> **WORK TO BE COMPLETED**
Please reproduce the listing in its entirety, exactly as written, but without images.

> **SUPPLIED DATA**
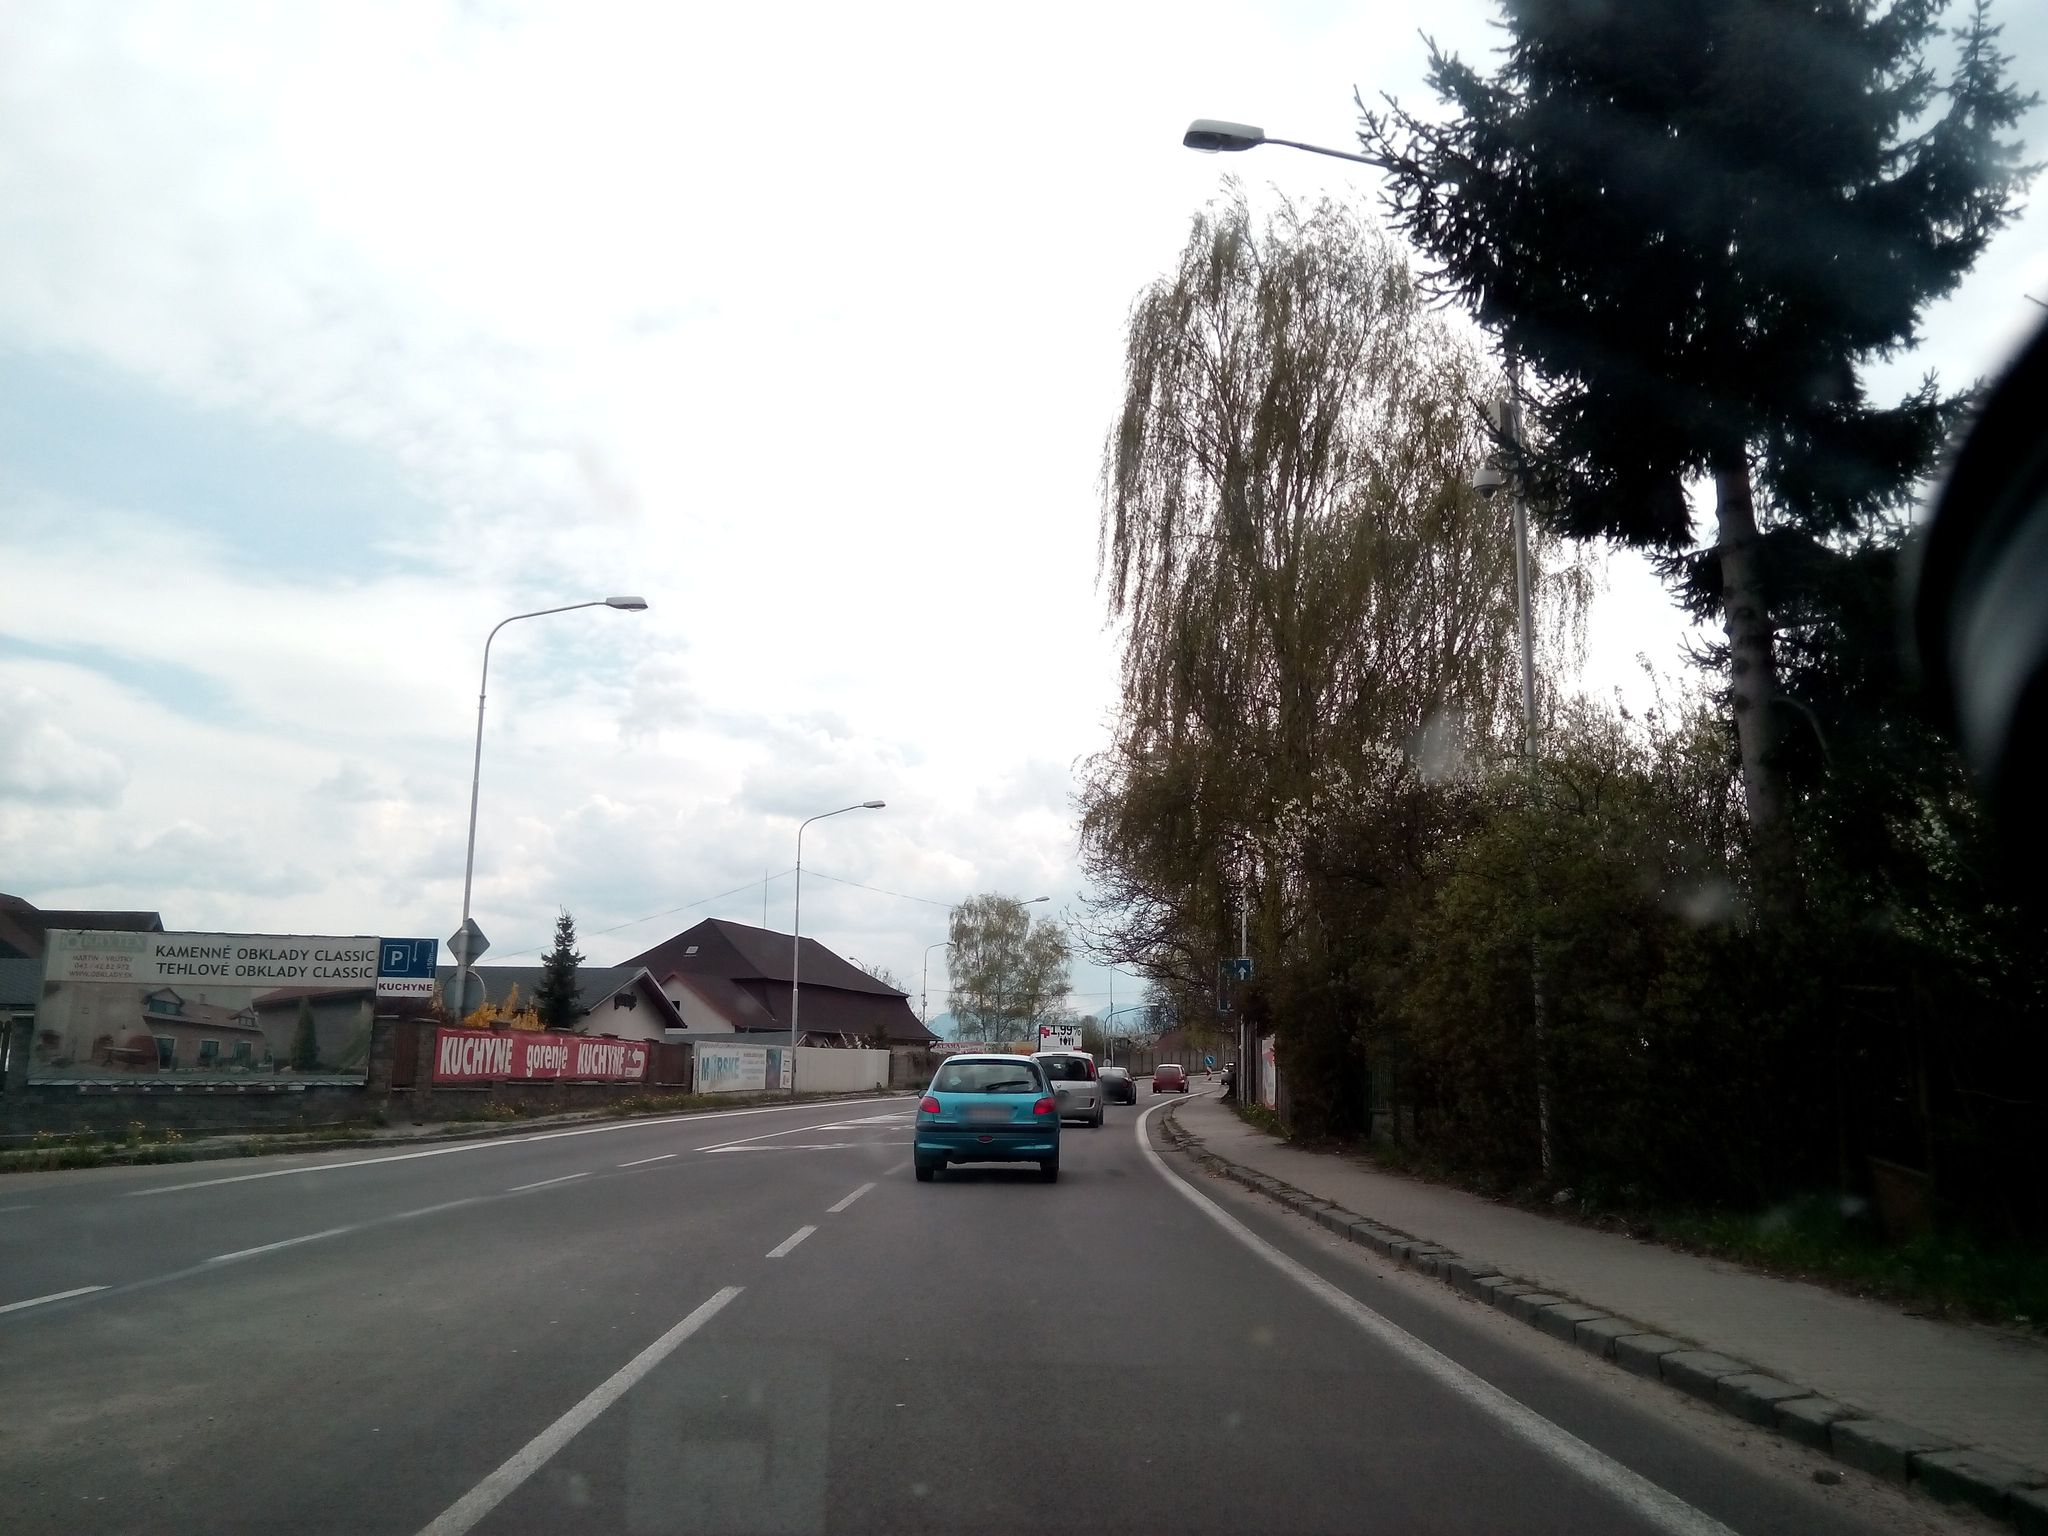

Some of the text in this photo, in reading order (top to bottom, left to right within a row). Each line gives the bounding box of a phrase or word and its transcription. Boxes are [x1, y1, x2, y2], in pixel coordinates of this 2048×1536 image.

[155, 945, 375, 962] KAMENNÉ OBKLADY CLASSIC
[391, 951, 403, 966] P
[156, 962, 373, 978] TEHLOVÉ OBKLADY CLASSIC
[378, 983, 433, 991] KUCHYNE
[440, 1037, 625, 1077] KUCHYNE gorenje KUCHYNE
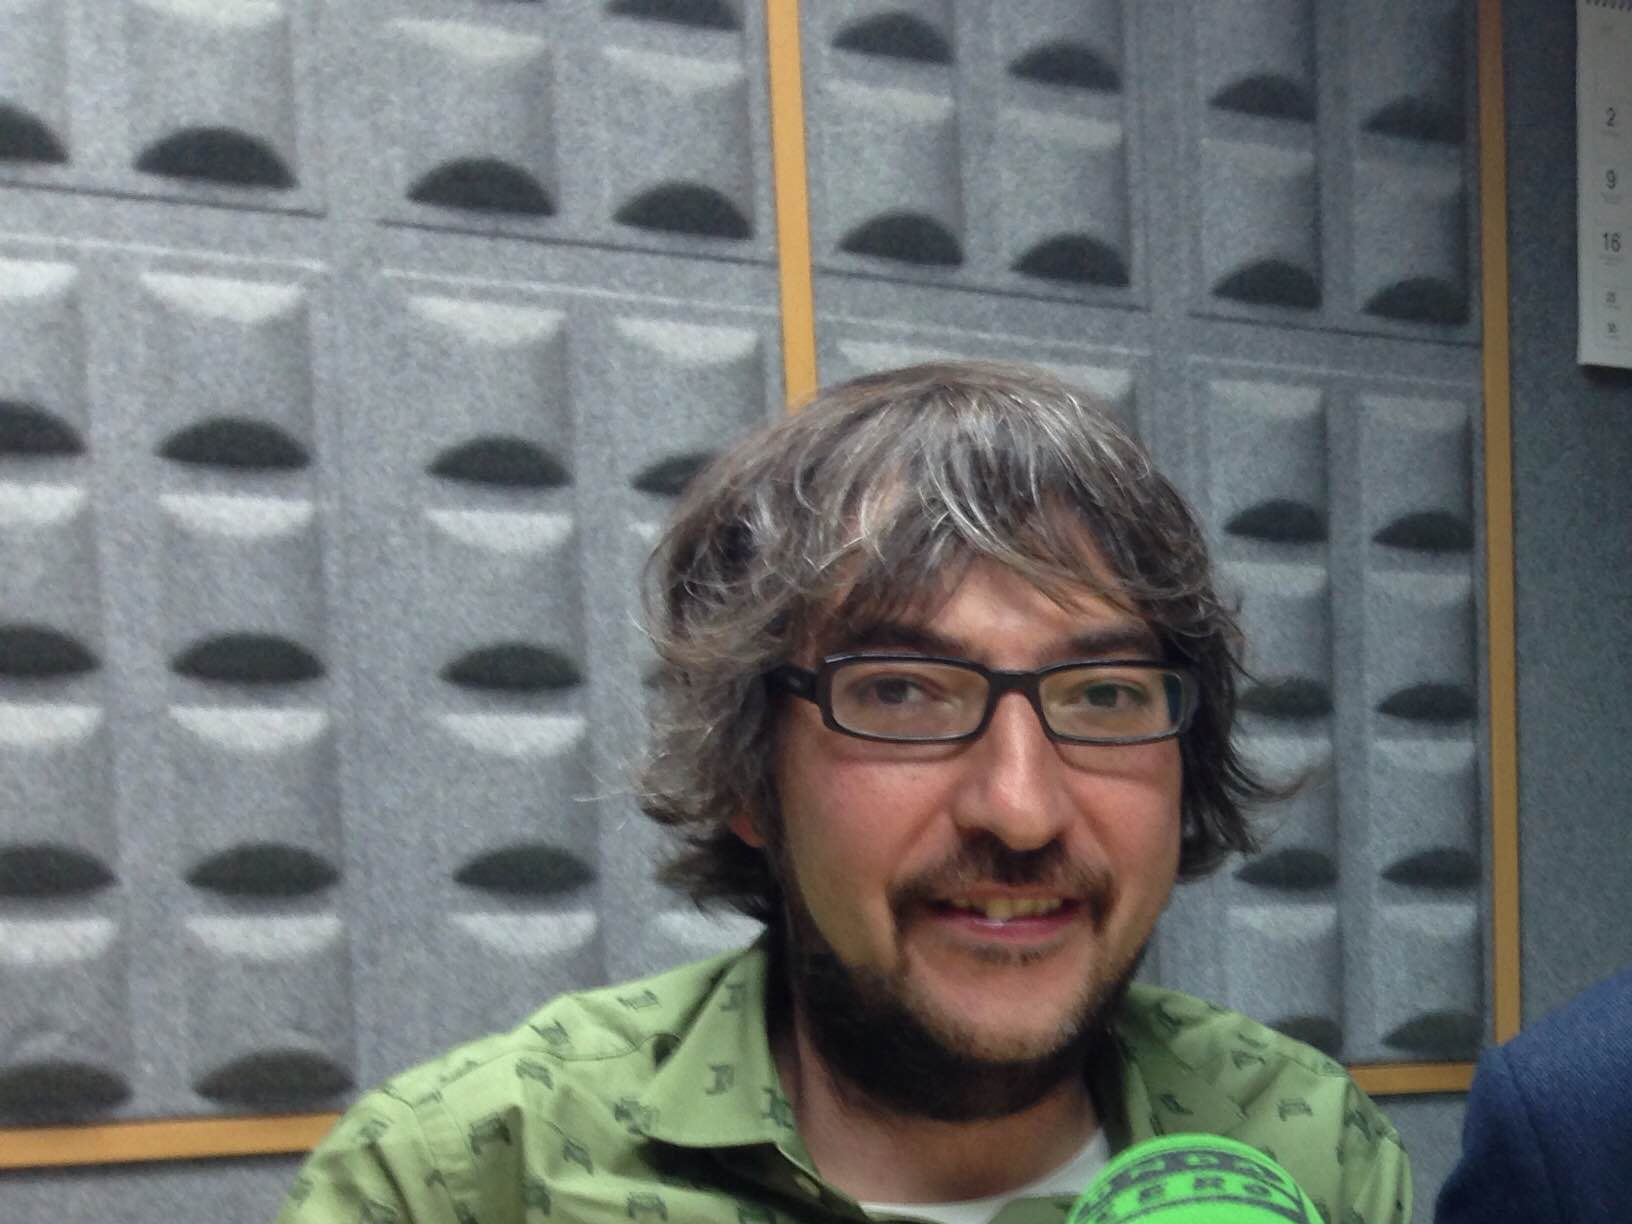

> **RESULT OF THIS EXERCISE**
Some of the text in this photo, in reading order (top to bottom, left to right within a row). Each line gives the bounding box of a phrase or word and its transcription. Boxes are [x1, y1, x2, y2], in pixel coordinates of this 2048×1536 image.

[155, 945, 375, 962] KAMENNÉ OBKLADY CLASSIC
[391, 951, 403, 966] P
[156, 962, 373, 978] TEHLOVÉ OBKLADY CLASSIC
[378, 983, 433, 991] KUCHYNE
[440, 1037, 625, 1077] KUCHYNE gorenje KUCHYNE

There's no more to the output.